Transcribe the records word for word, leaving nothing out.

■ **LISTED ENTRIES**:
:::::
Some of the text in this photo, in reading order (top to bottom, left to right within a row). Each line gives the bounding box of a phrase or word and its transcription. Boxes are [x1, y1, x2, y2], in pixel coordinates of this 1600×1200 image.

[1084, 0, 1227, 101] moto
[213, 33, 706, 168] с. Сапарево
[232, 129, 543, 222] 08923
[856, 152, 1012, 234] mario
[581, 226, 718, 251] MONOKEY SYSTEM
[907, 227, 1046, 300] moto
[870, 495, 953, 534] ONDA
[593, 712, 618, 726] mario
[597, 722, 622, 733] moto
:::::
■ **OUTPUT FOR THIS TASK**:
Some of the text in this photo, in reading order (top to bottom, left to right within a row). Each line gives the bounding box of a phrase or word and its transcription. Boxes are [x1, y1, x2, y2], in pixel coordinates of this 1600×1200 image.

[1084, 0, 1227, 101] moto
[213, 33, 706, 168] с. Сапарево
[232, 129, 543, 222] 08923
[856, 152, 1012, 234] mario
[581, 226, 718, 251] MONOKEY SYSTEM
[907, 227, 1046, 300] moto
[870, 495, 953, 534] ONDA
[593, 712, 618, 726] mario
[597, 722, 622, 733] moto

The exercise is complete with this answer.